What you see is not what you get. How you see is.

Apparition-resized-2-web2The object is to keep asking yourself “What is ‘my’ truth? What do “I” see…and not allowing the so called ‘experts’ or peer groups to define your perspective. Trust your gut. You don’t usually need validation when you already know what feels right first. Notice your world from a centered place that trusts in your own information gathering strategies as well as your intuitive intelligence. The tricky part is really knowing if our observations are really our own, if we are merely parroting someone else, or, if we have seriously considered opposing ideas. Most thoughts are  obviously not original. We are influenced by so much. However, making an effort to seek out ‘your’ truth from the options available to you, a perspective that is authentically yours, adds value to discourse.

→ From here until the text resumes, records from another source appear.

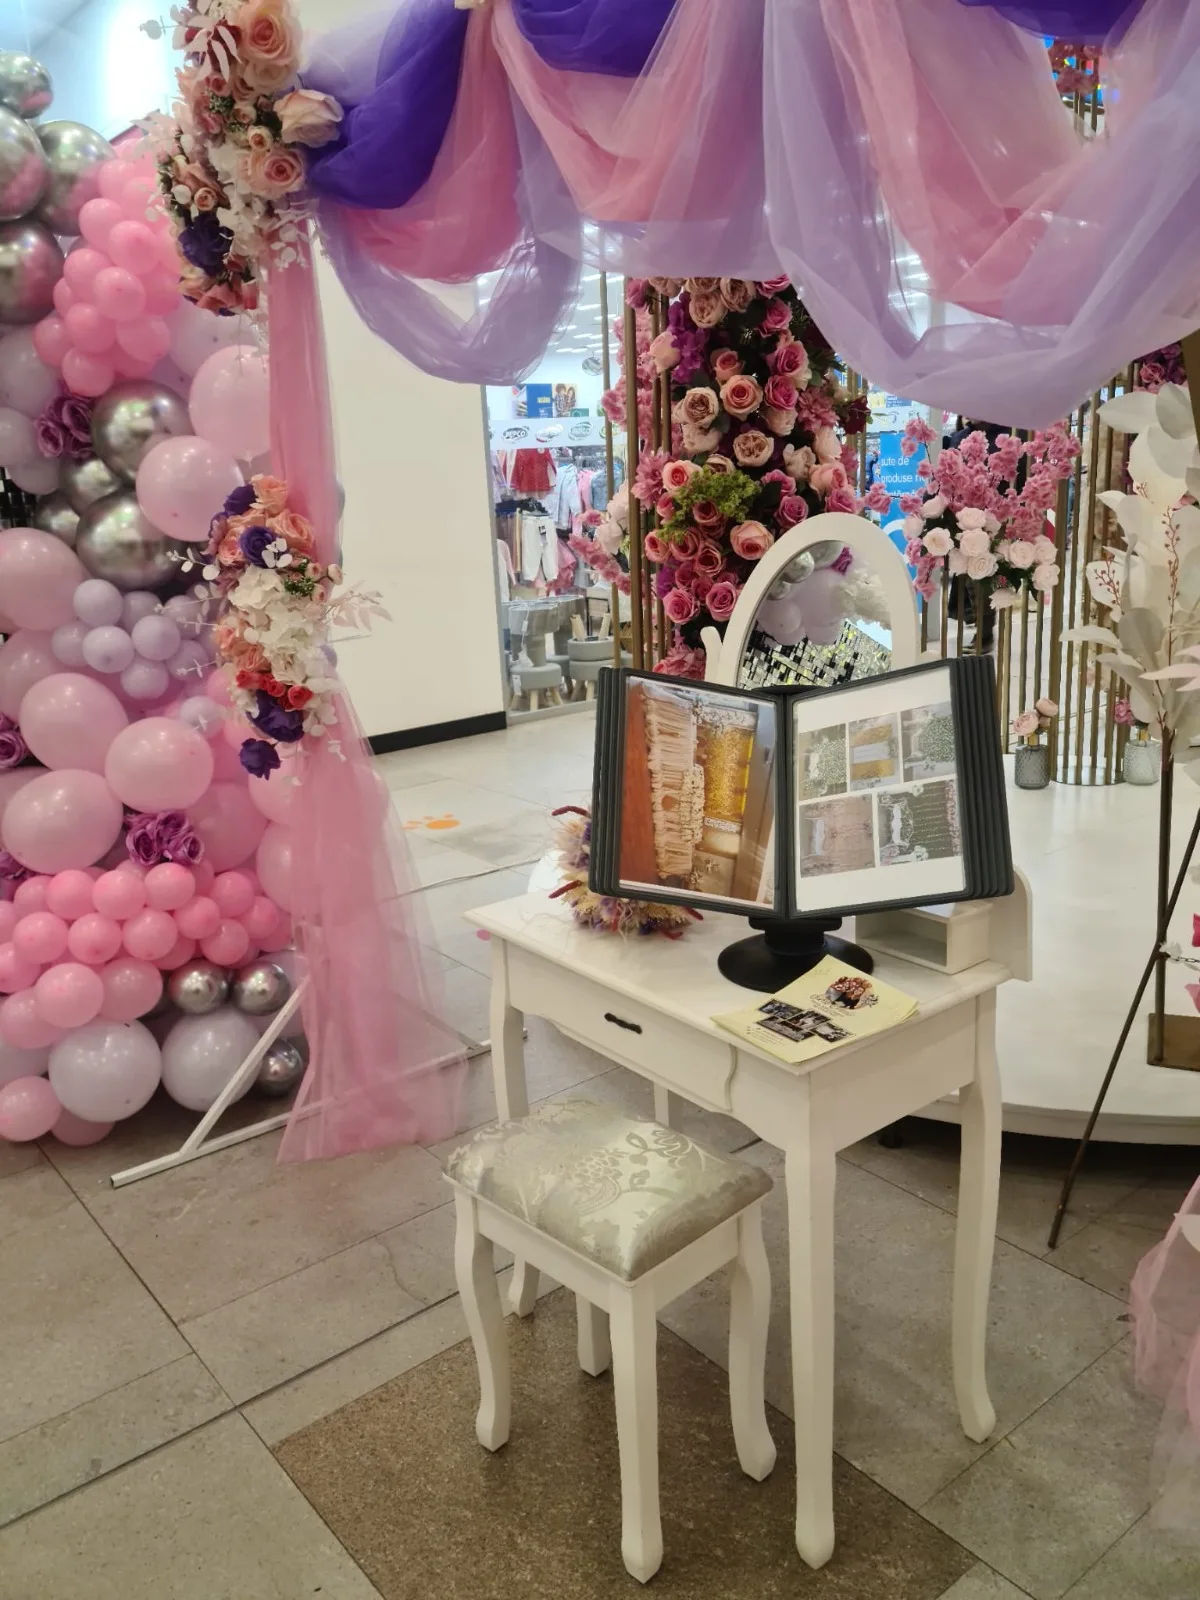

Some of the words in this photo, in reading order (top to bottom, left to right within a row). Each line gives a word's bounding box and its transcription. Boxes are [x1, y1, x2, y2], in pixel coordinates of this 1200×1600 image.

[881, 457, 896, 466] sute
[898, 456, 909, 466] de
[881, 472, 913, 483] produse
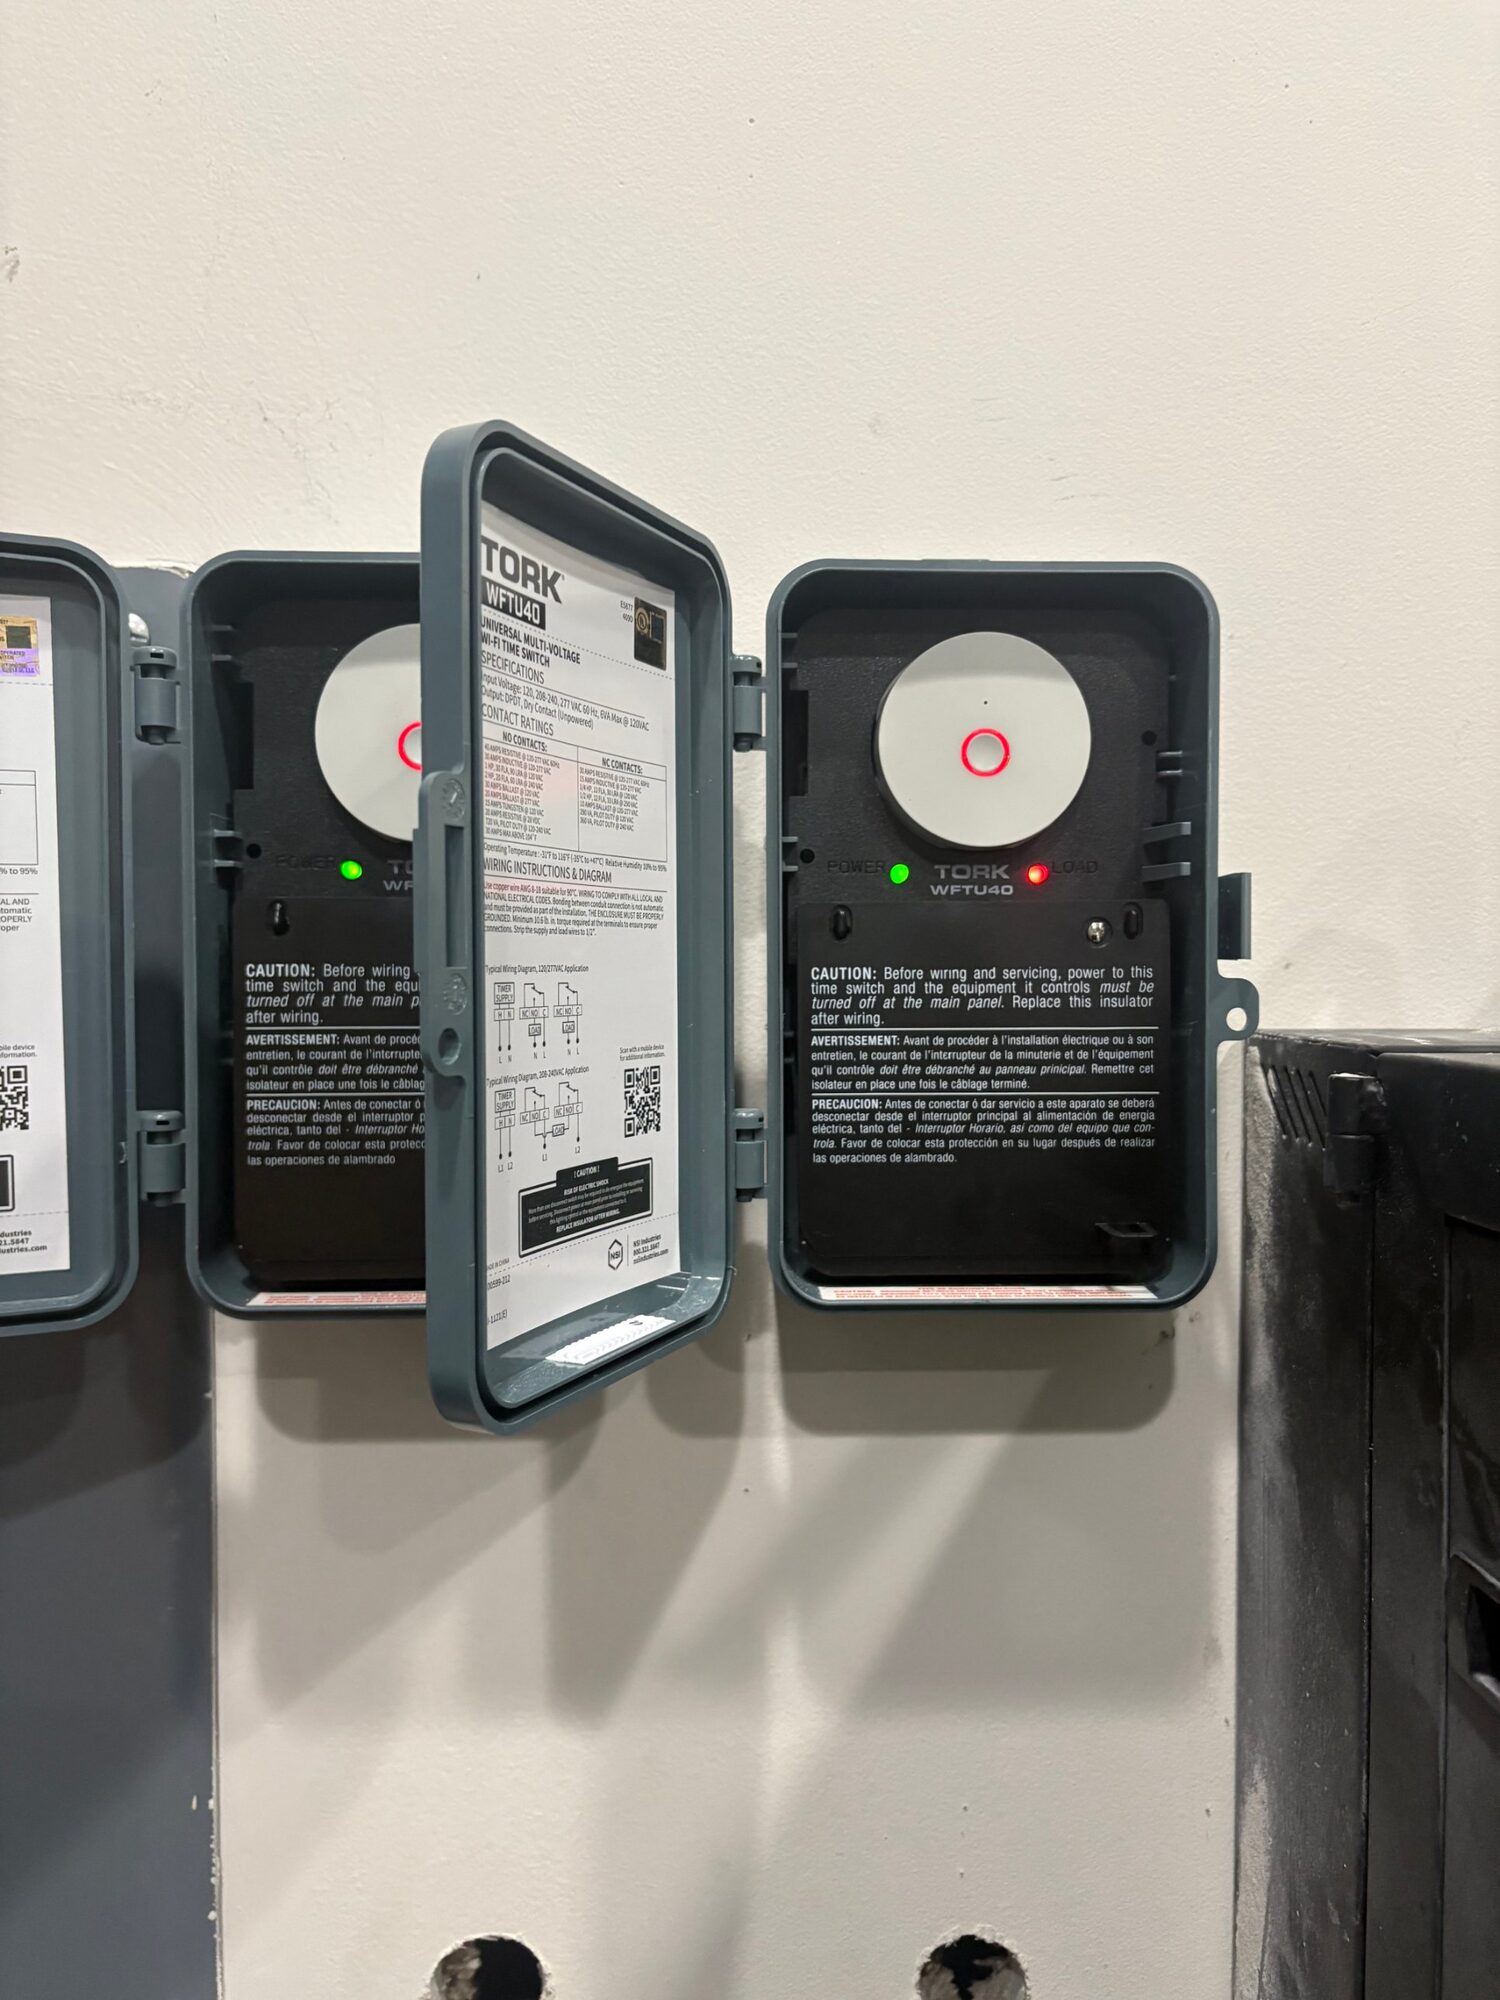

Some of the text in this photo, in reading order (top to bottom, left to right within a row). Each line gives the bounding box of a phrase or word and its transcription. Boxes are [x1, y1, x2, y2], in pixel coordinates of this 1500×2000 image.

[481, 536, 562, 604] TORK
[486, 582, 540, 625] WFTU40
[481, 616, 580, 665] UNIVERSAL MULTI-VOLTAGE
[481, 632, 550, 668] WI-FI TIME SWITCH
[482, 651, 544, 685] SPECIFICATIONS
[497, 676, 522, 694] Voltage:
[481, 704, 554, 737] CONTACT RATINGS
[502, 731, 547, 752] NO CONTACTS:
[602, 757, 643, 774] NC CONTACTS:
[482, 857, 612, 883] WIRING INSTRUCTIONS & DIAGRAM
[827, 860, 885, 874] POWER
[934, 864, 1010, 880] TORK
[1052, 860, 1098, 874] LOAD
[930, 885, 1013, 895] WFTU40
[246, 963, 410, 980] CAUTION: Before wiring
[811, 965, 1153, 982] CAUTION: Before wiring and servicing, power to this
[245, 979, 386, 992] time switch and the
[811, 981, 1154, 997] time switch and the equipment it controls must be
[246, 994, 403, 1007] turned off at the main
[812, 995, 1153, 1011] turned off at the main panel. Replace this insulator
[245, 1010, 323, 1026] after wiring.
[811, 1011, 885, 1027] after wiring.
[811, 1035, 900, 1046] AVERTISSEMENT:
[903, 1035, 930, 1046] Avant
[932, 1035, 945, 1046] de
[947, 1035, 989, 1047] procéder
[1062, 1034, 1109, 1046] électrique
[1112, 1036, 1124, 1045] ou
[1137, 1036, 1153, 1044] son
[859, 1050, 868, 1061] le
[870, 1050, 907, 1060] courant
[909, 1050, 922, 1060] de
[989, 1049, 1002, 1060] de
[1004, 1049, 1013, 1060] la
[1016, 1049, 1061, 1060] minuterie
[1064, 1050, 1074, 1060] et
[1076, 1049, 1089, 1060] de
[836, 1064, 875, 1075] contrôle
[880, 1064, 898, 1075] doit
[902, 1064, 921, 1075] être
[925, 1064, 975, 1075] débranché
[979, 1065, 991, 1075] au
[995, 1065, 1037, 1076] panneau
[1091, 1063, 1135, 1074] Remettre
[1139, 1064, 1154, 1074] cet
[812, 1079, 853, 1090] isolateur
[855, 1081, 867, 1090] en
[870, 1079, 896, 1091] place
[898, 1080, 916, 1090] une
[919, 1079, 937, 1090] fois
[939, 1079, 948, 1089] le
[884, 1099, 912, 1109] Antes
[914, 1099, 926, 1109] de
[928, 1099, 969, 1109] conectar
[980, 1098, 996, 1109] dar
[998, 1098, 1035, 1109] servicio
[1038, 1100, 1044, 1109] a
[1046, 1099, 1067, 1109] este
[1069, 1099, 1105, 1110] aparato
[1108, 1100, 1119, 1108] se
[1122, 1098, 1154, 1108] deberá
[812, 1153, 827, 1163] las
[829, 1153, 887, 1165] operaciones
[890, 1152, 902, 1163] de
[576, 1166, 597, 1178] CAUTION
[610, 1250, 621, 1260] NSI
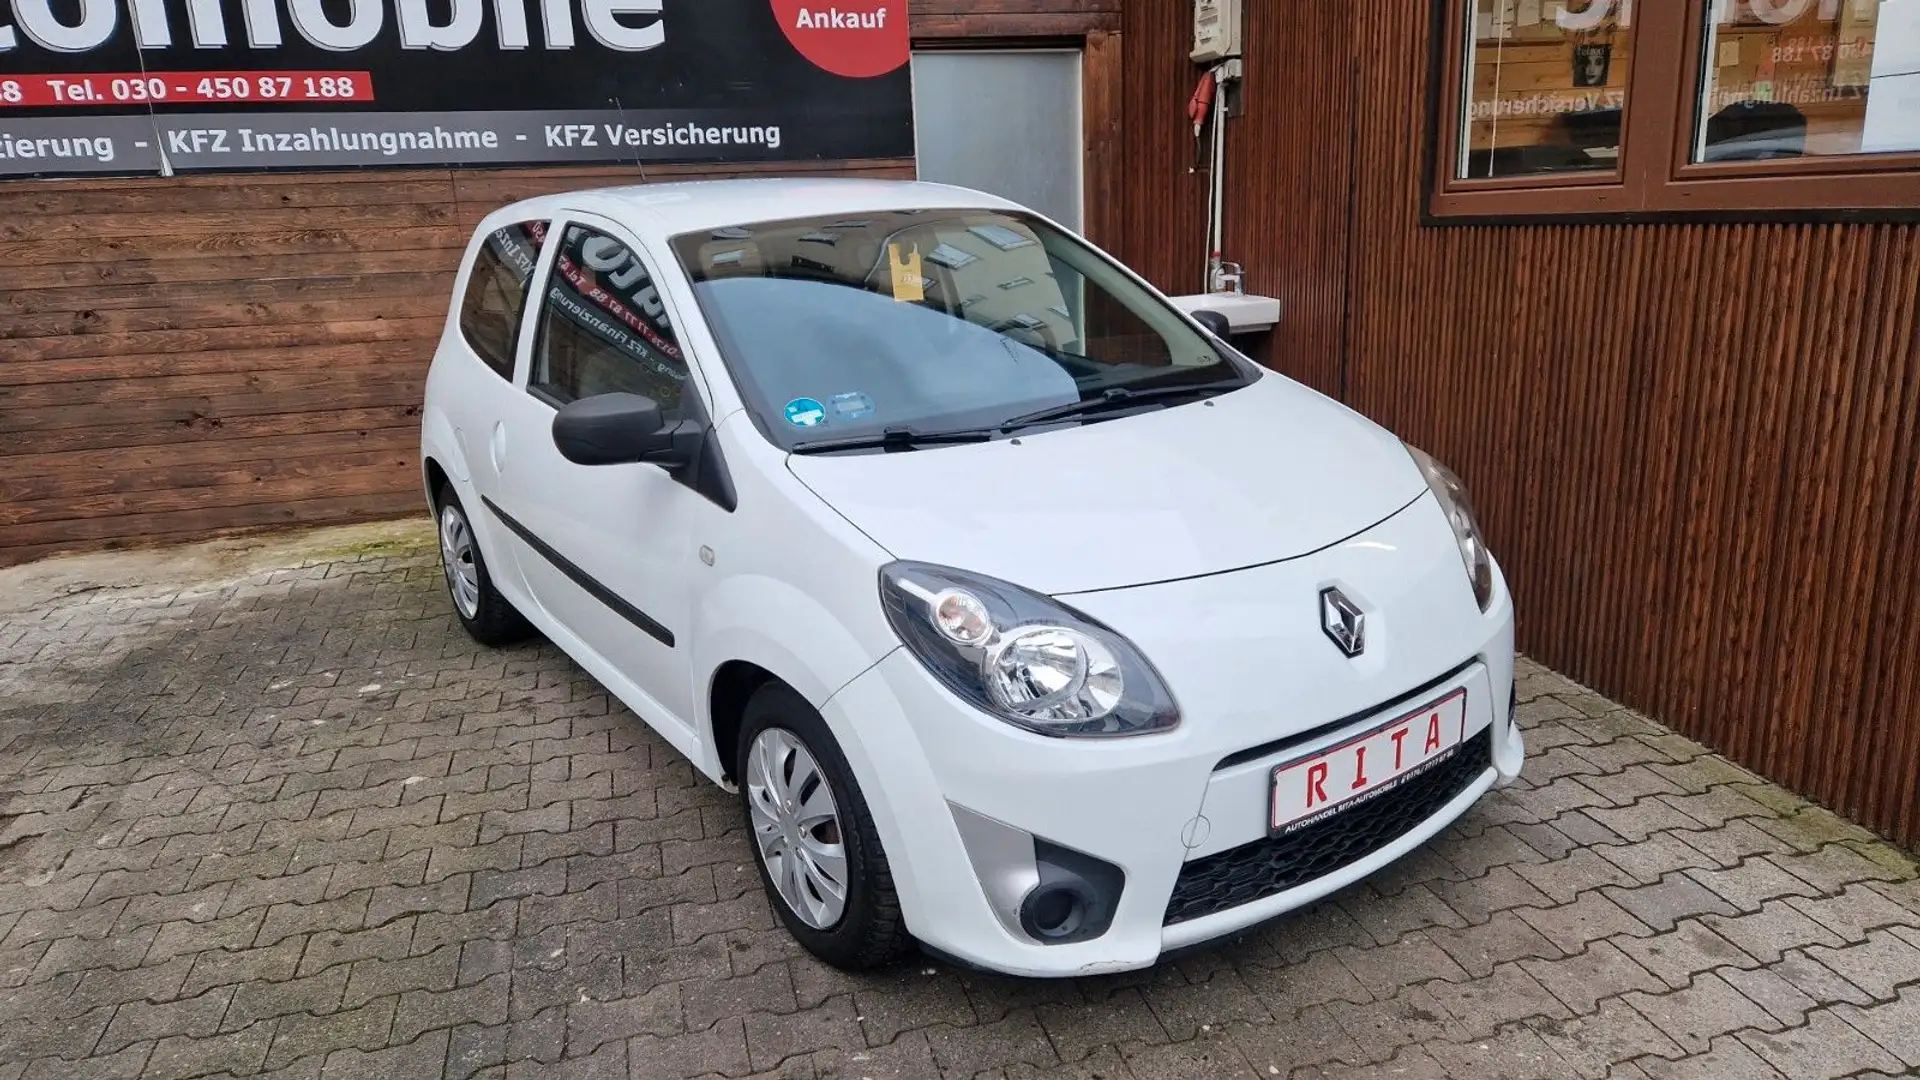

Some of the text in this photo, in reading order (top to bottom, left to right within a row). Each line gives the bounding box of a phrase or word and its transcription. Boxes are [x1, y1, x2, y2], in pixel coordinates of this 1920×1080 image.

[796, 8, 887, 29] Ankauf
[0, 80, 23, 102] 8
[46, 79, 104, 101] Tel.
[111, 78, 167, 100] 030
[196, 77, 250, 98] 450
[259, 76, 293, 97] 87
[304, 76, 355, 97] 188
[168, 129, 230, 154] KFZ
[239, 125, 498, 154] Inzahlungnahme
[545, 124, 598, 147] KFZ
[605, 122, 781, 149] Versicherung
[1285, 808, 1338, 832] AUTOHANDEL

A great and, OK, dangerous place to practice learning to understand a different point of view, is in the middle of political or religious debates…fertile ground for stretching our abilities to see in a different way. The only way this can be successful is to ask, ask again and listen. The goal is not necessarily to adopt the perspective. It is to understand it…to see it through someone else’s eyes which is basically a figure of speech since that is impossible on so many levels.  Its like noticing cloud formations through someone else’s eyes. Your friend says, ‘look, it looks like a horse’s head.’  Hmmmm.  Nope. Looks like a steam engine to me. For the life of you horse’s head does not show up. Frustrating but you’ve made the effort to look for it. That’s how it can be with people when it comes to highly charged issues. The frustration levels that arise because of our inability to see the ‘same thing’ in the clouds can get ridiculously stressful.  Some literally have viscerally painful responses to opposing opinions.  Well, maybe we were not intended to see in the same way. A myriad of reasons make that so and a lot more interesting besides. My work here, I’ve decided, is to notice the differences in how we see and to grow from them, accept them or not, but stay detached from the need to adjudicate. It’s the process of gathering insights that counts.  It pads our perspectives account which is necessary for understanding and compassion.

It takes effort to retrain how we see and courage to stand there. Neither is it easy relaxing into another way of observing or translating what it is we see. I’m not saying you ‘must’ change your information gathering system. So much of how you do that came in the box you were shipped in.  I’m just saying that having expanded ways of perceiving is empowering, more inclusive and enlightening.

 The world you were born into is but one model of reality. Other cultures  are not failed attempts at being you.  They are unique manifestations of the human spirit.”   Wade Davies

Obviously that applies to other people, ideas, points of view and so on that beg to be honored.